** Opening Data for the task block **

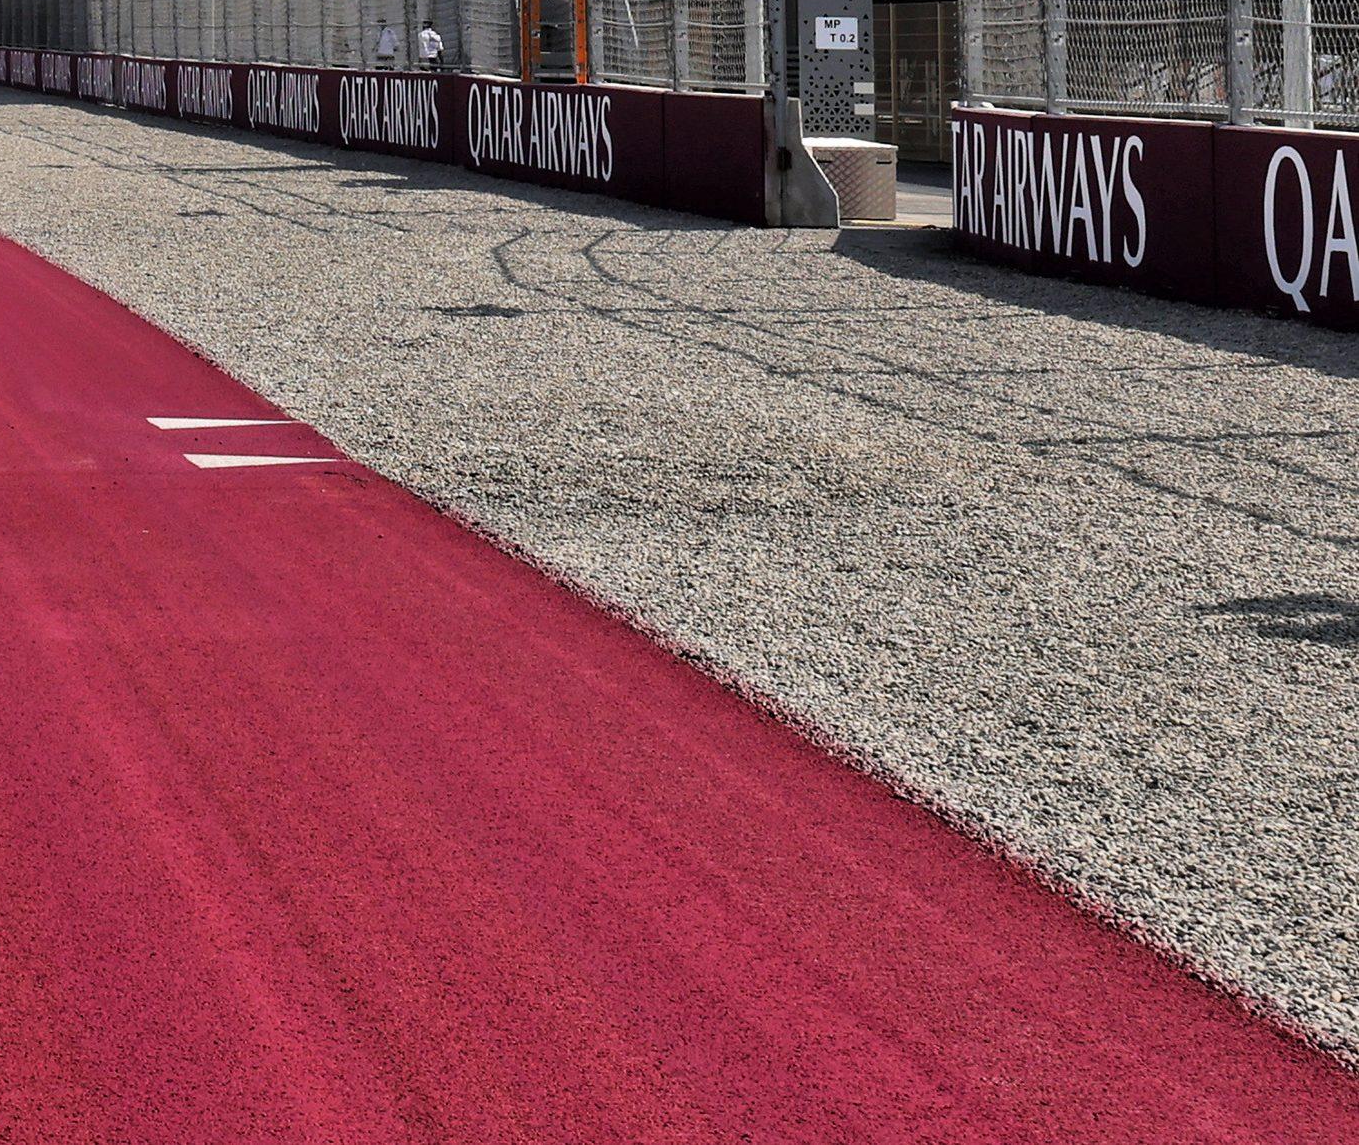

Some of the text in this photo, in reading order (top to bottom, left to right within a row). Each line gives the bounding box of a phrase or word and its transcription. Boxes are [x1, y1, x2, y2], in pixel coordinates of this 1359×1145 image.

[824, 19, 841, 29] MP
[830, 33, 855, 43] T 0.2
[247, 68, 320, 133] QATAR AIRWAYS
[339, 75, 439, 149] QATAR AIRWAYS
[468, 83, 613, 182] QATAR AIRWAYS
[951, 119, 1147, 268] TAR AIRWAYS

** Closing Data for the task block **

→ **Exercise objective**
The preceding entries are to be returned verbatim, with every picture excluded.

→ **Response area**
Some of the text in this photo, in reading order (top to bottom, left to right within a row). Each line gives the bounding box of a phrase or word and its transcription. Boxes are [x1, y1, x2, y2], in pixel coordinates of this 1359×1145 image.

[824, 19, 841, 29] MP
[830, 33, 855, 43] T 0.2
[247, 68, 320, 133] QATAR AIRWAYS
[339, 75, 439, 149] QATAR AIRWAYS
[468, 83, 613, 182] QATAR AIRWAYS
[951, 119, 1147, 268] TAR AIRWAYS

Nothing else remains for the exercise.